Last time I was on here, sitting at a computer, typing my life's story, I think I was barely 13 knowing nothing about life. And here I am, 5 years later, with more incite on life than before yet still clueless learning more about it everyday.

Where to start? Hmm. I guess one of the biggest parts of women and girls live's today revolve around. Men. I have a great man, (or guy, an makes me sound like I'm old). Lance. Love of my life. Round 2 in my guy book. Kevin was a weird failure. Young love at its best.

Lance has brought me a sense of maturity that I've never had before, but I suppose it also comes with the age thing. It's going to be one year on Aug 16. One year! We've known eachother longer than that, but since I'm stubborn and like to date for months, so the official Claire&Lance day was postponed til Aug 16.

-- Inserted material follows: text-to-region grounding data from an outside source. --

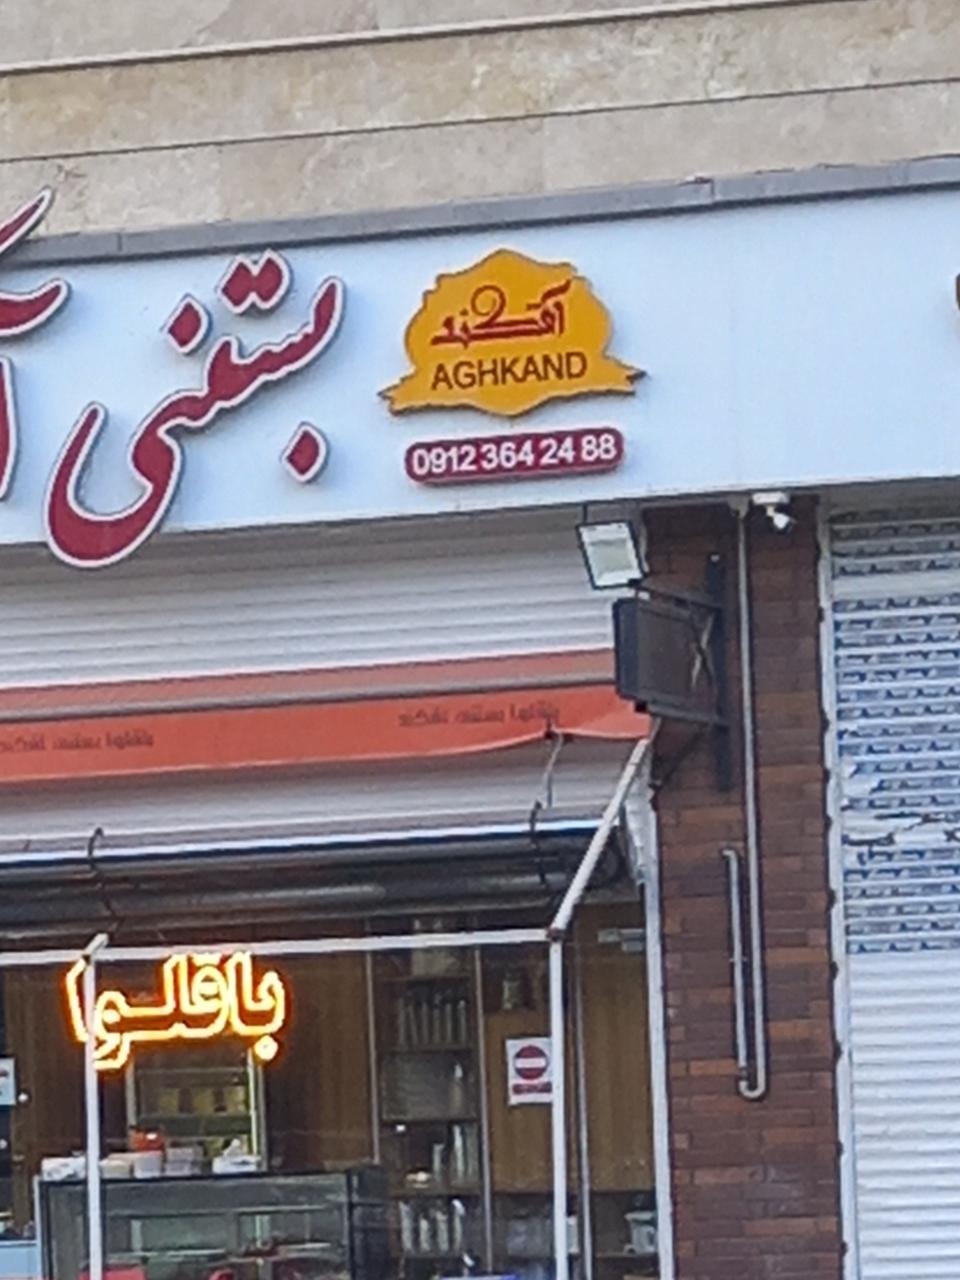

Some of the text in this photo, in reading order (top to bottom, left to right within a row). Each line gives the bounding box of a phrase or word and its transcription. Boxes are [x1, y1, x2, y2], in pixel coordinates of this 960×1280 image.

[44, 248, 345, 568] بستنی
[431, 351, 588, 391] AGHKAND
[412, 433, 617, 476] 0912 364 24 88
[65, 950, 286, 1070] باقلوا
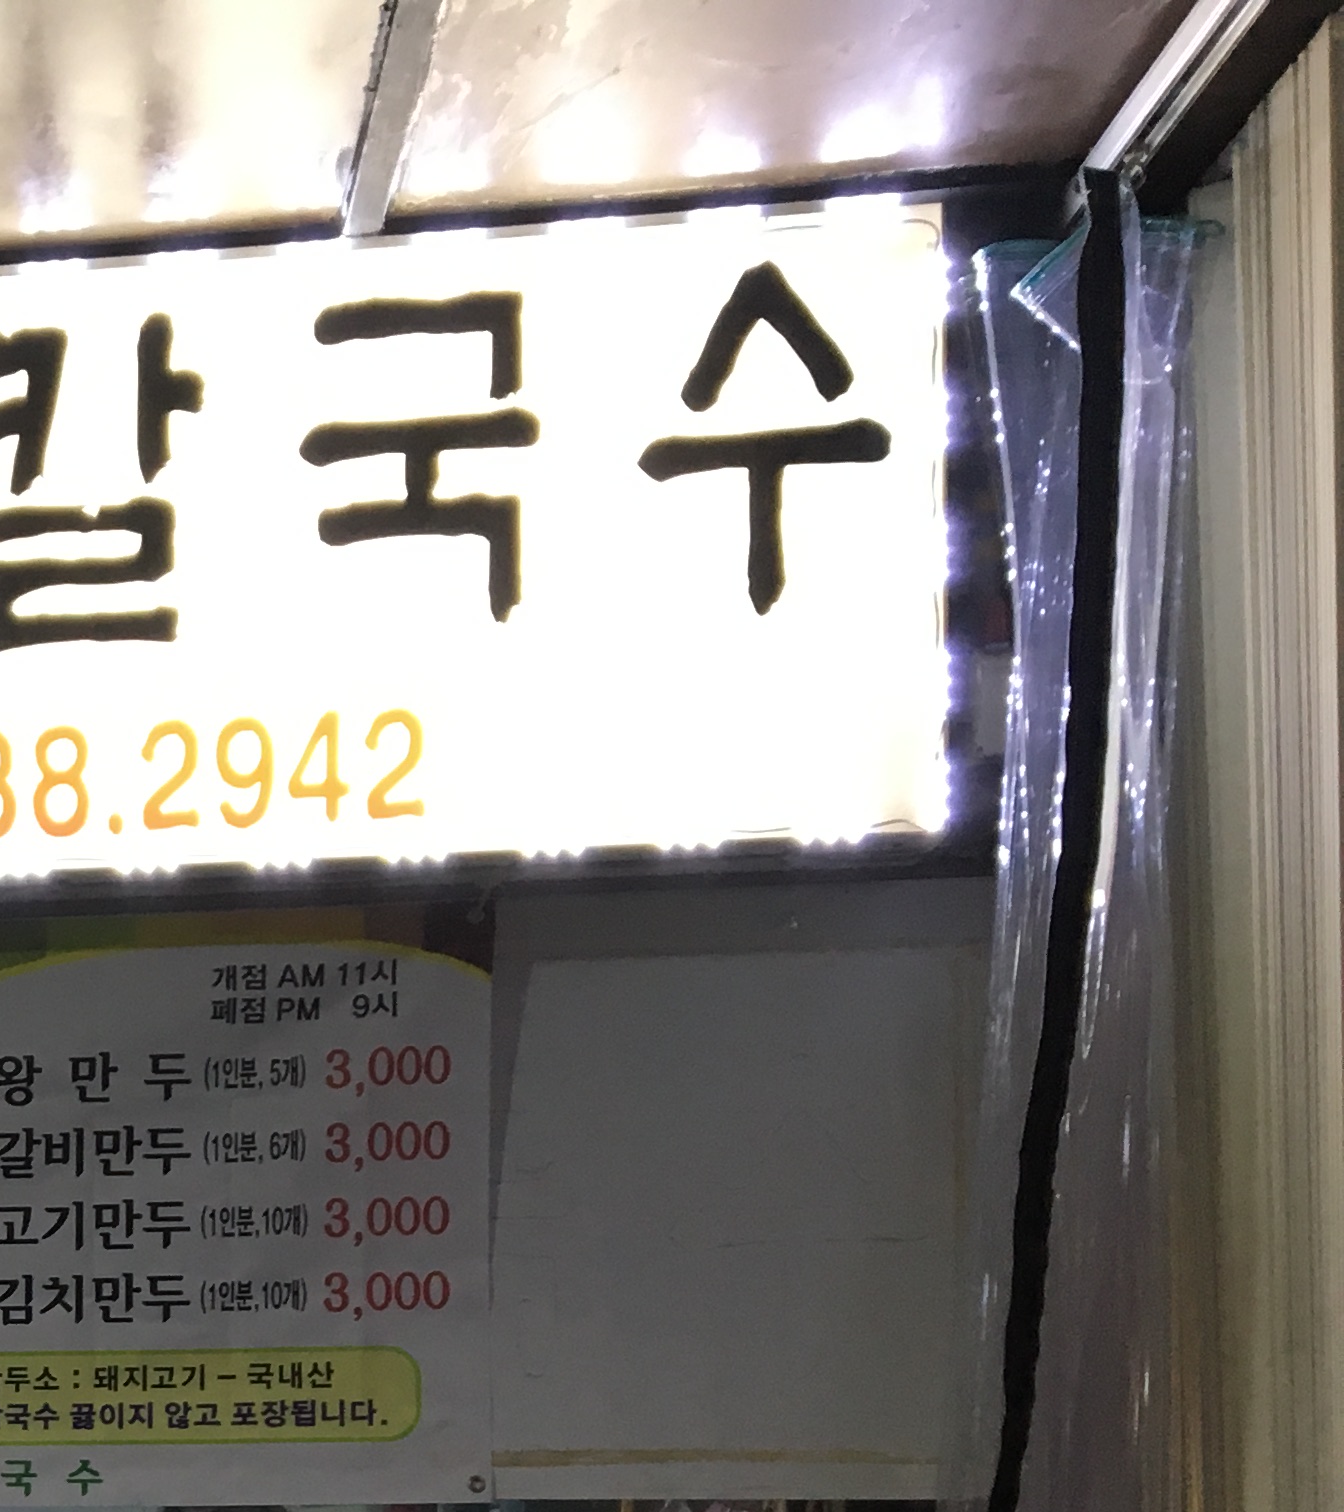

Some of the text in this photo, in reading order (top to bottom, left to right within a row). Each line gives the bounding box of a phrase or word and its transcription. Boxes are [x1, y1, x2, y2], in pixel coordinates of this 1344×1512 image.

He gives me a sense of comfort and security that no one else can. He fills a gap within me that makes me complete just knowing that he's there for me no matter when. Definitely since he's also proved himself being there for me and my worst, my family, and my friends. I'm extremely happy with him. I'm not particularly the giggly, gushy, corny girl but he makes me that way. The best think I love about him is that he makes me a better person. He correct me when I'm wrong and makes me see the wrongs things in myself that I don't want to see. I'm a particularly stubborn person, and for him to do this and put up with my frustrations and bitchy-ness is a milestone.